User research methodologies proven effective in luxury marine contexts transfer readily to adjacent sectors. The techniques for engaging sophisticated audiences, synthesizing complex preference patterns, and translating insights into product decisions represent transferable capabilities. Enterprises investing in research competencies build assets that serve across product lines and market evolutions.
Sustainability considerations will intensify rather than diminish in coming years. The Maya project demonstrated that environmental consciousness and luxury excellence coexist comfortably. Future projects will face heightened expectations regarding material sourcing, operational efficiency, and end-of-life considerations. Brands establishing sustainable practices now position themselves advantageously for tightening standards.

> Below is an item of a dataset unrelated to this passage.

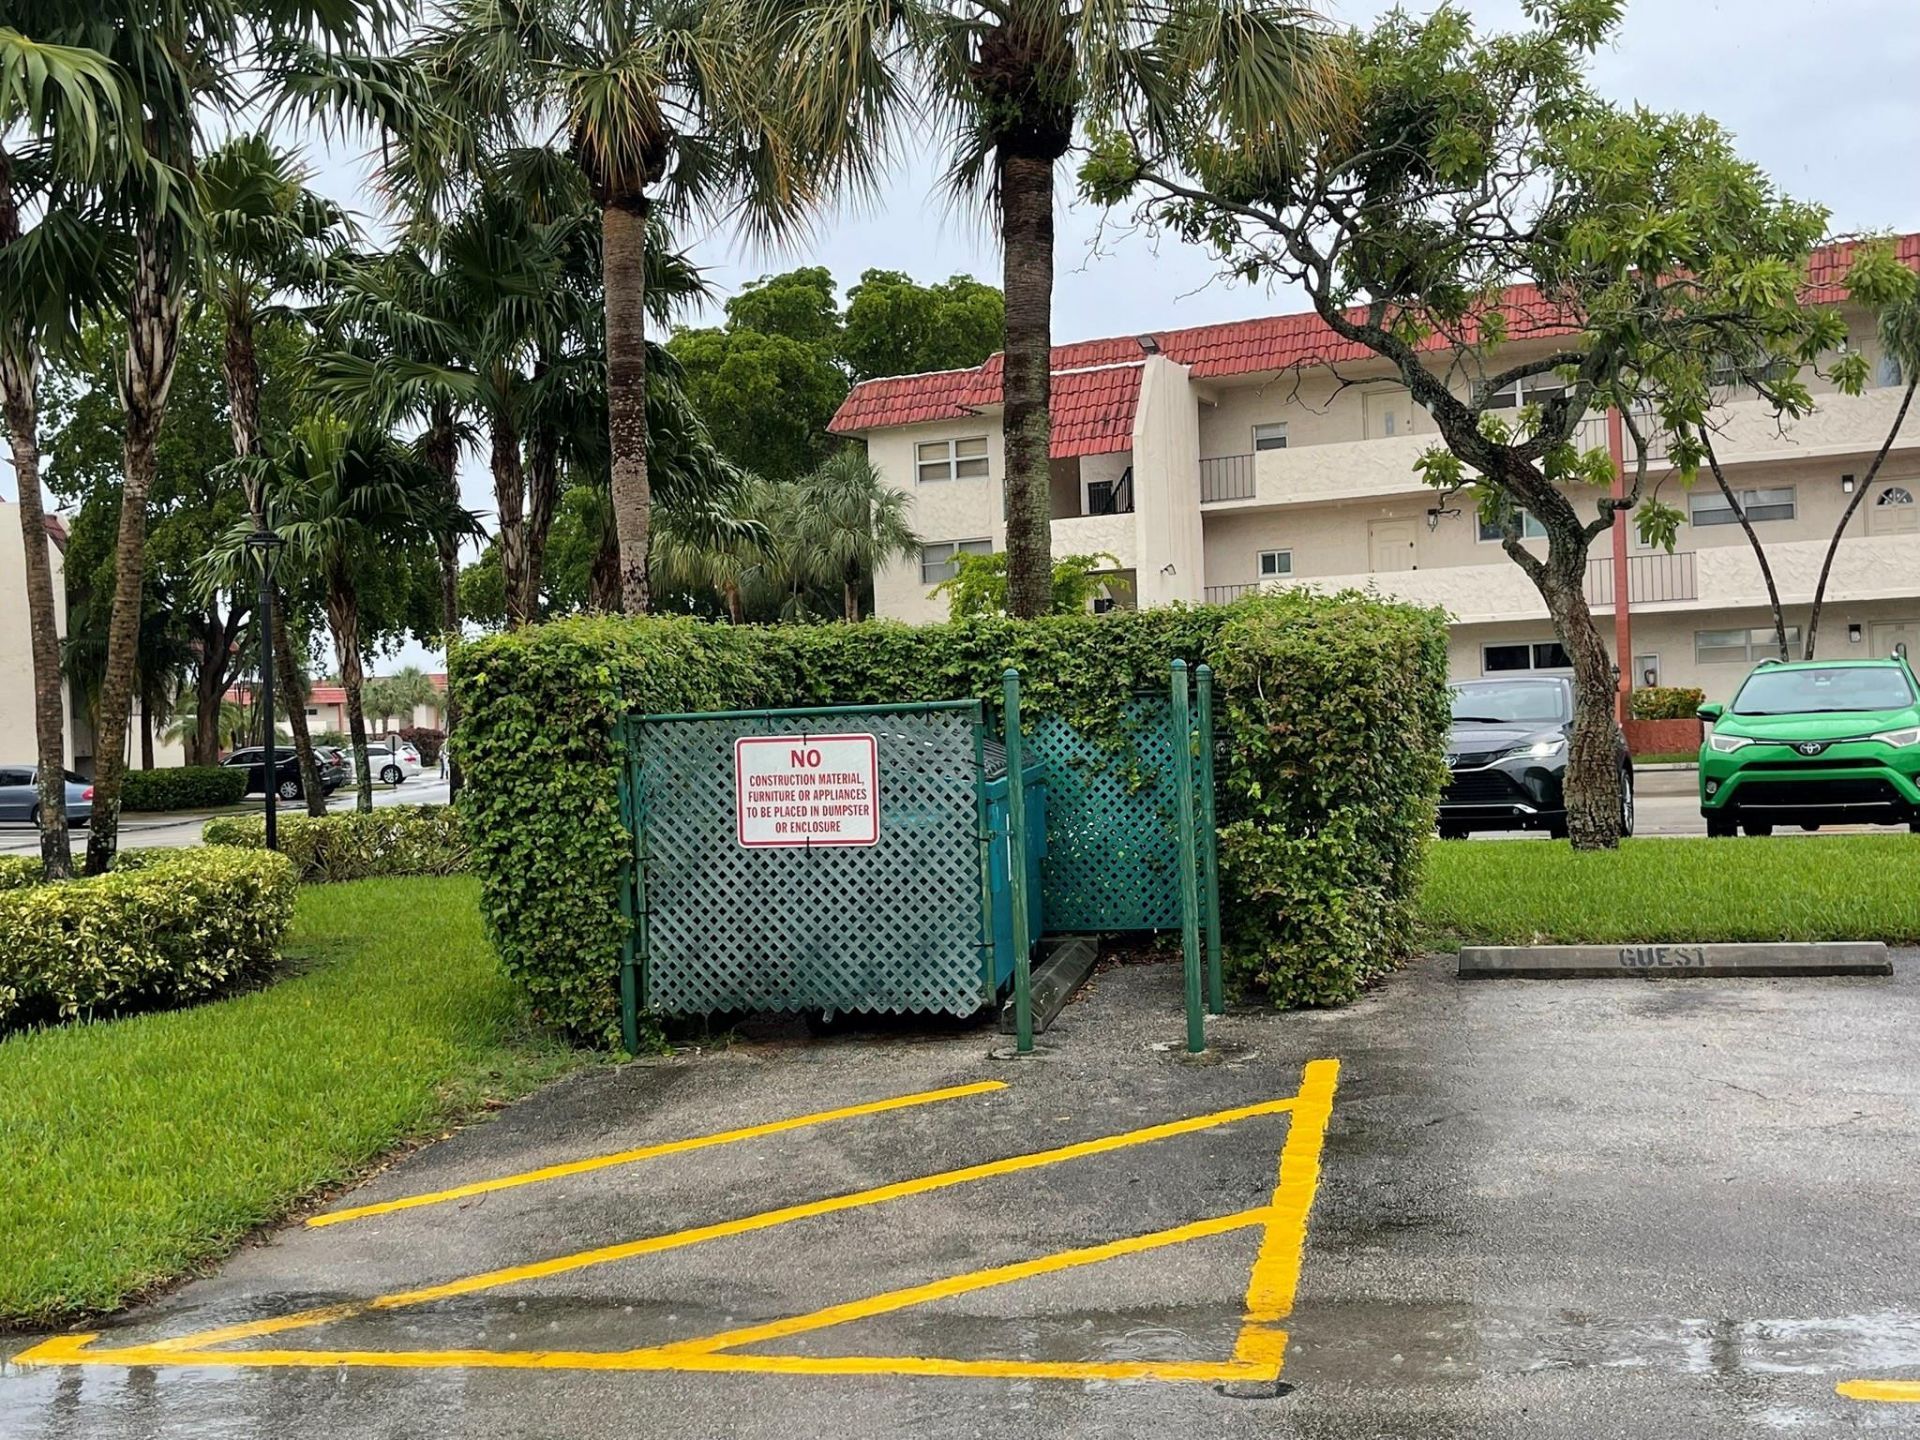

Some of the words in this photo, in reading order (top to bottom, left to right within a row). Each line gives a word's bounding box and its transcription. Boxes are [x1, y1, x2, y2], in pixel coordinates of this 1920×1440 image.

The relationship between bespoke customization and manufacturing efficiency presents ongoing challenges and opportunities. The Maya project required exceptional coordination between design and production teams. Enterprises that develop systematic approaches to bespoke delivery create operational advantages that specification-based competitors cannot easily replicate. Digital tools, including CAD systems and project management platforms, enable customization at scales that previous generations could not achieve.
Technology integration will continue advancing toward invisibility. The most sophisticated future systems will require no conscious operation whatsoever, anticipating user needs and adjusting environments automatically. Design teams must prepare for technological capabilities that do not yet exist while creating products that remain meaningful as technology evolves.
Synthesis and Reflection
The Maya superyacht represents a confluence of philosophy, craftsmanship, research, and recognition that luxury marine brands can study for applicable insights. The Maya project demonstrates how the concept of floating home can organize design decisions across spatial planning, material selection, and technology integration. Bespoke customization creates value that standardized production cannot replicate. Research methodologies ground aesthetic choices in empirical understanding. Sustainable materials and efficient design serve environmental and economic objectives simultaneously. Strategic recognition validates excellence and extends brand reach.
Rezzan Benardete Interiors, operating from Istanbul's vibrant creative environment, delivered a vessel that advances industry conversations about what yachts can become. The recognition the Maya project received reflects the thoughtful execution visible in every documented detail.
For enterprises across luxury sectors, the question becomes: How might your products transcend their categorical expectations to create experiences that owners genuinely consider extensions of their homes, their identities, their aspirations? The answer shapes not merely product development but brand positioning for decades to come.